The 1965 assessment of the property for county, city and school tax purposes made by the Lackawanna County Board for the Assessment and Revision of Taxes,1 was $112,240 allocated as follows: land $52,240, building $60,000. This allocation was necessary under the law relating to taxation in cities of the second class, including Scranton, which directed councils thereof to assess buildings at five-tenths of the highest rate of tax otherwise required in any year. Act of March 7,1901, P. L. 20, as amended, 53 P.S. §25894.
On appeal by the property owner to the common pleas court, that court adopted the assessment made by the Board. The present appeal was taken from that decision.

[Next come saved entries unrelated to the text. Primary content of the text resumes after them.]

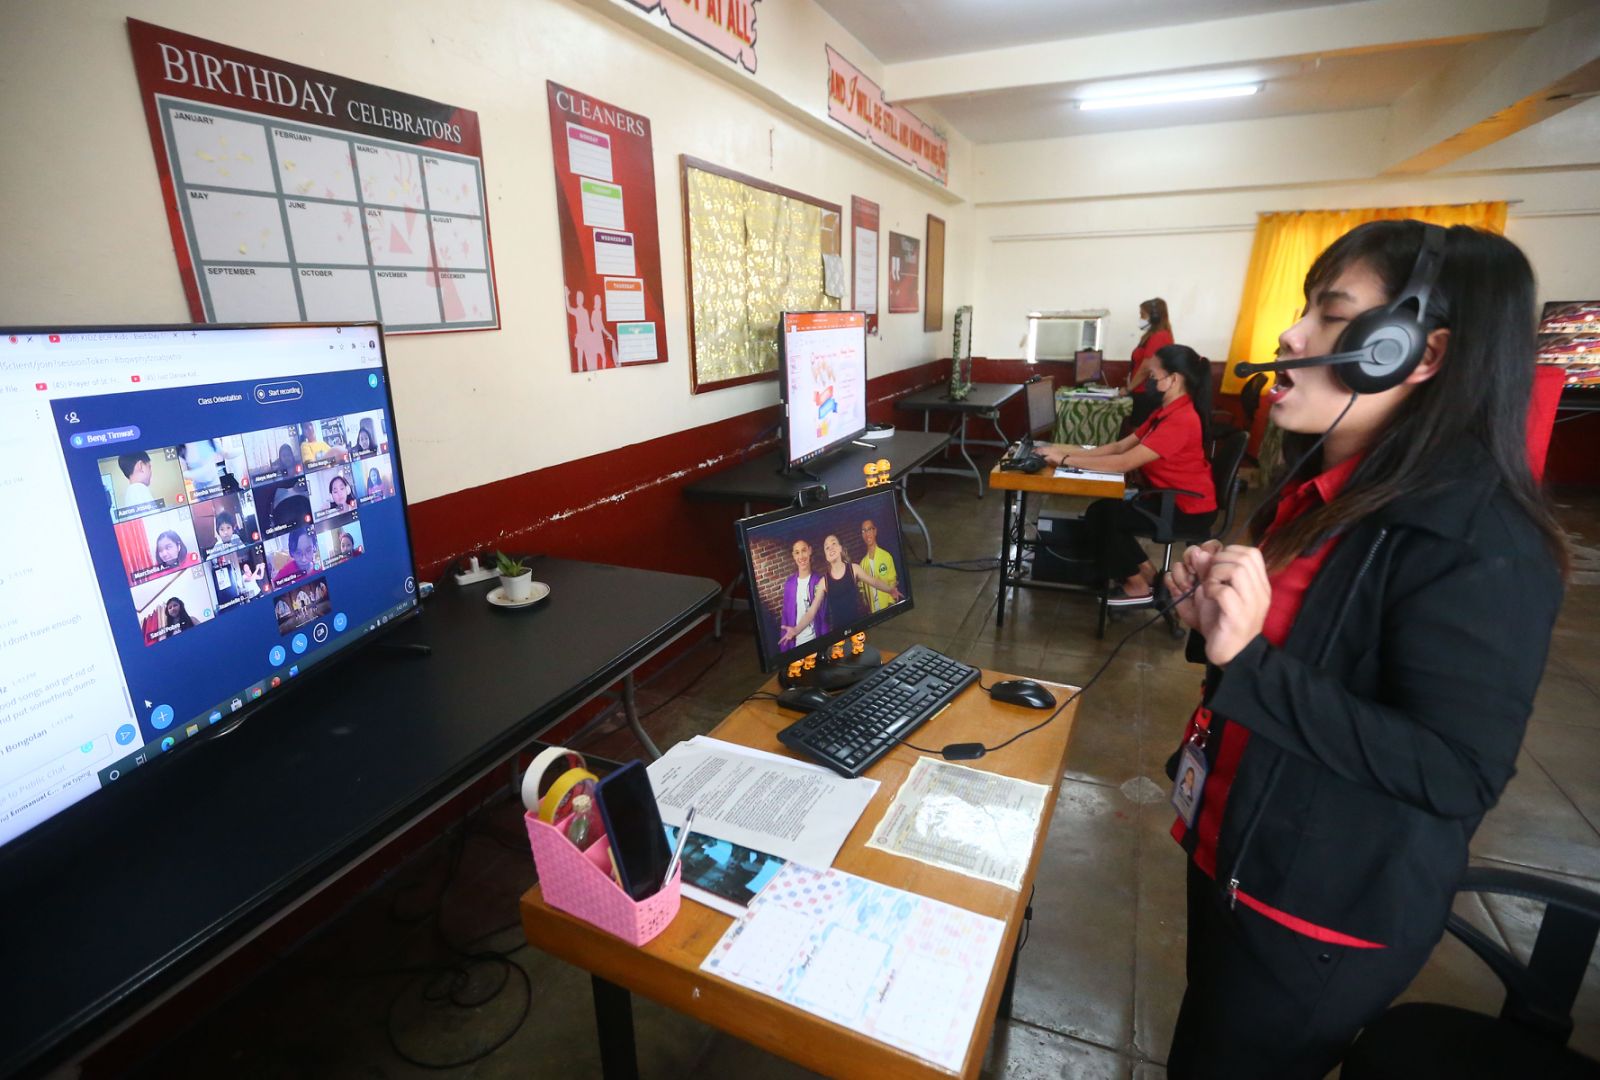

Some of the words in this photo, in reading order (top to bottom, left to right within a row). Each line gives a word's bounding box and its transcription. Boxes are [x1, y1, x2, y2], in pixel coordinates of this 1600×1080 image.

[726, 0, 752, 45] ALL
[157, 43, 337, 117] BIRTHDAY
[347, 99, 462, 144] CELEBRATORS
[830, 69, 846, 105] AND
[857, 88, 873, 124] WILL
[174, 112, 214, 126] JANUARY
[556, 91, 645, 137] CLEANERS
[274, 130, 312, 143] FEBRUARY
[356, 145, 379, 155] MARCH
[190, 191, 209, 201] MAY
[288, 201, 306, 210] JUNE
[366, 209, 382, 217] JULY
[432, 216, 453, 224] AUGUST
[600, 235, 627, 243] WEDNESDAY
[207, 267, 256, 276] SEPTEMBER
[300, 269, 333, 278] OCTOBER
[377, 271, 408, 279] NOVEMBER
[440, 272, 466, 280] DECEMBER
[268, 389, 280, 397] Start
[280, 385, 301, 396] recording
[197, 397, 213, 406] Class
[213, 393, 243, 404] Orientation
[87, 434, 107, 444] Beng
[8, 633, 29, 646] dont
[30, 626, 51, 639] have
[51, 614, 83, 631] enough
[150, 629, 166, 640] Sarah
[17, 687, 44, 703] songs
[44, 680, 60, 691] and
[61, 674, 74, 687] get
[75, 668, 86, 679] rid
[87, 664, 97, 673] of
[12, 707, 29, 722] put
[29, 688, 74, 712] something
[73, 678, 97, 693] dumb
[18, 776, 46, 794] Public
[10, 792, 48, 817] Emmanuel
[72, 770, 92, 786] typing

*471The appellant contends that the lower court, which sat as a court en banc in hearing this matter, committed error in (a) approving an arbitrary allocation of the total assessment to land and building; (b) in affirming the assessment when it lacked support by competent testimony; (c) in ignoring the allocations of the total assessment to land and building made by the several witnesses for both the appellant and the Board; and finally, (d) in refusing to accept a valid “arm’s length sale transaction” and accepting an “artificially adopted ‘front foot’ evaluation”.

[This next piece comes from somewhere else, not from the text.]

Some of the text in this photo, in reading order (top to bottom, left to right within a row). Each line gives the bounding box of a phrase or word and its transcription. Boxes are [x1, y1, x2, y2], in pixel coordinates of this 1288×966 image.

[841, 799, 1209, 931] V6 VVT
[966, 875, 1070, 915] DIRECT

There appears to be no dispute of the fact that the ratio of assessed value to actual value used generally in this taxing district is thirty-five per cent (35%), and the lower court in its order said that the assessment made by it was by applying that ratio to the value of the subject property. Unfortunately it did not state the actual value of the subject property. Consequently we must determine that amount by mathematical calculation, which brings us to a finding of total value #320,608.57, allocated #149,257.14 to land and #171,428.57 to improvements, which is unreal and unsatisfactory; and further, it leads us to the conclusion that the lower court did not follow established procedures “. . . of valuing first, the entire property, second, the land and, then, allocating the balance to the building” before applying the established ratio of assessment to actual value. Massachusetts Mutual Life Insurance Company Tax Assessment Case, 426 Pa. 566, 235 A. 2d 790 (1967); John Wanamaker, Philadelphia, Appeal, 360 Pa. 638, 63 A. 2d 349 (1949).

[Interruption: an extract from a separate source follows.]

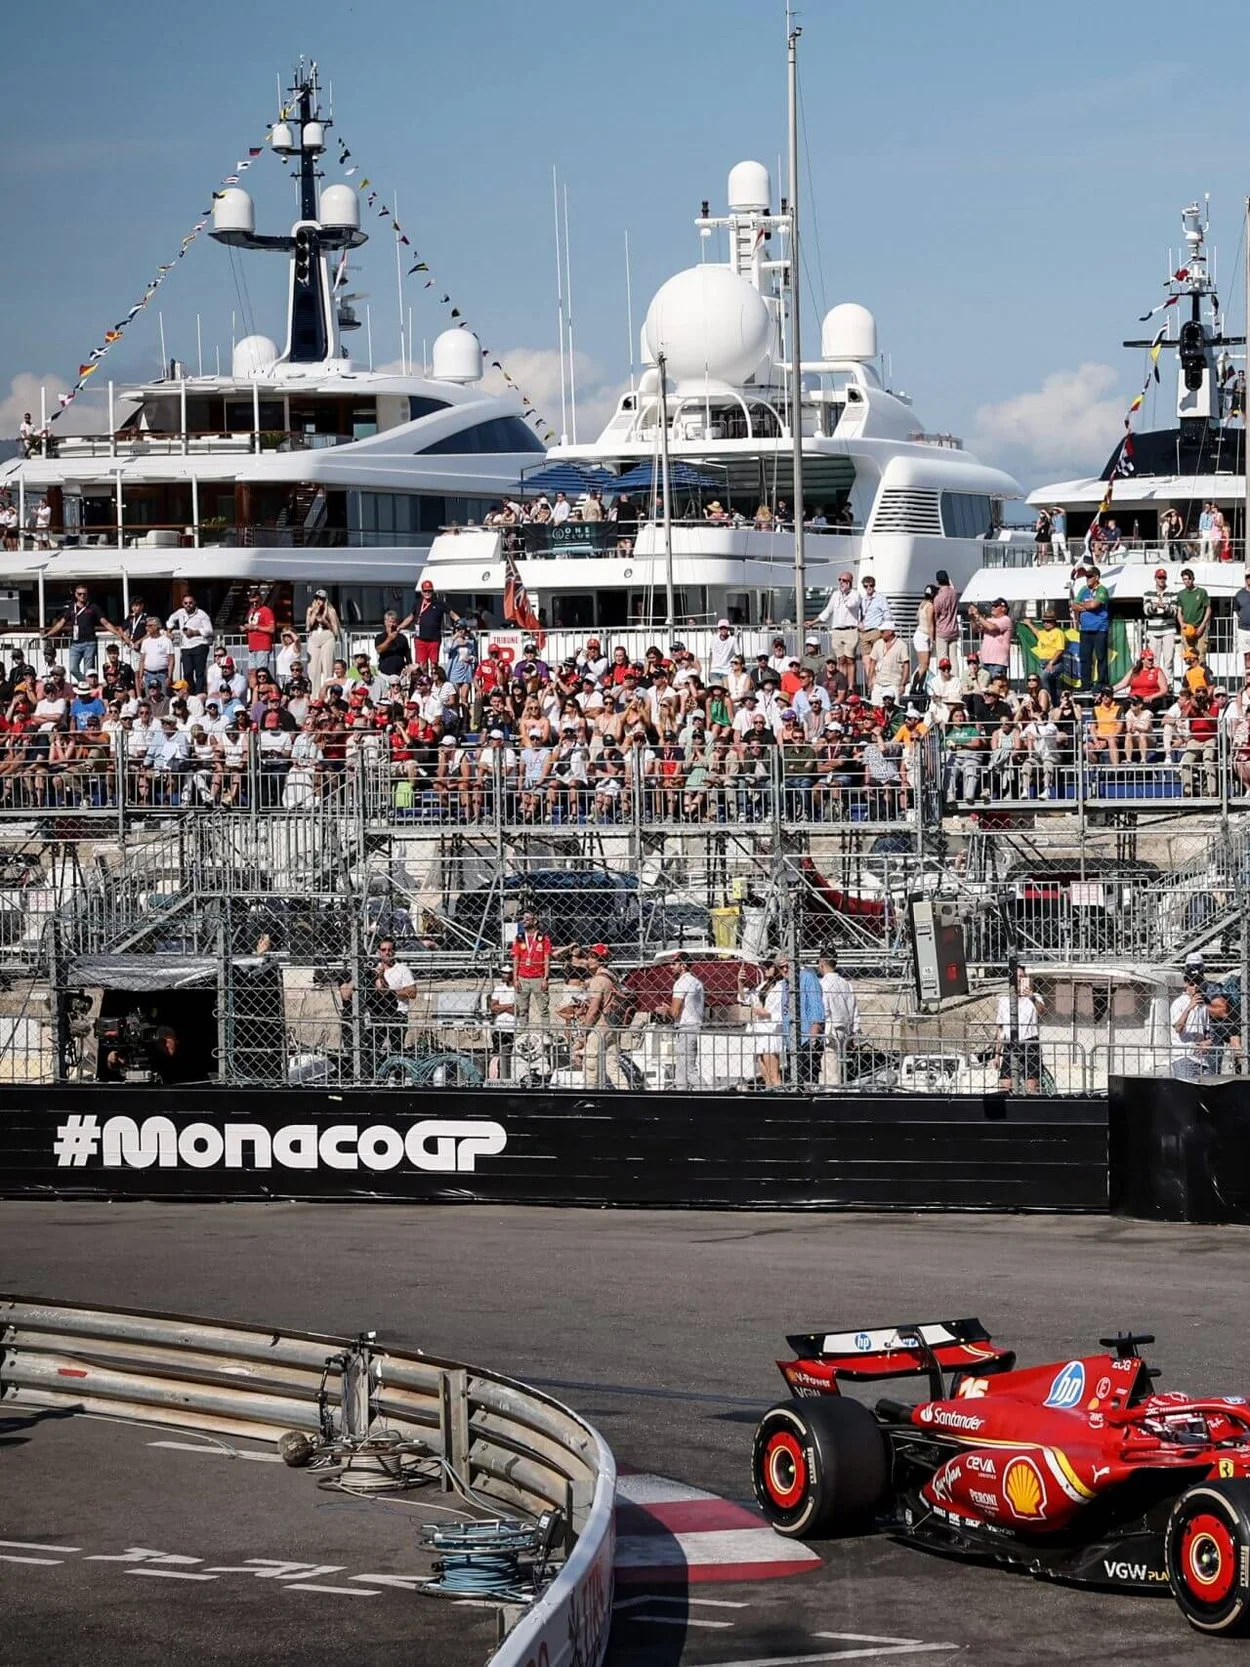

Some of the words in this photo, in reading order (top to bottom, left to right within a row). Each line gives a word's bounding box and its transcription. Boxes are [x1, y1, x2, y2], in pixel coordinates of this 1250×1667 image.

Much of the dispute in this appeal arises from the cact that the actual value of the entire property was not first determined and then allocated to land and improvements, the value of the land being the next item of determination. Neither value having been satisfactorily determined, this record must be returned to the *472lower court with directions to make such findings. We are unable to resolve this appeal until such findings are made.
The record is remanded to the lower court with directions to find the actual value of this property as an entirety at the time this assessment was made and also to properly determine separately what part of said evaluation represents the value of the land and what part the value of the improvements.
We further direct the attention of the lower court to the fact that the appeal filed with it was from the 1964 assessment, whereas the matter was considered and determined as if it were the 1965 assessment that was being appealed. This should also be clarified when the matter is reconsidered.
Record remanded with a procedendo consistent with this opinion.
The Act of April 26, 1935, P. L. 90, §1, 53 P.S. §30752, provides that the assessment made for county purposes shall be used by cities of the second class A.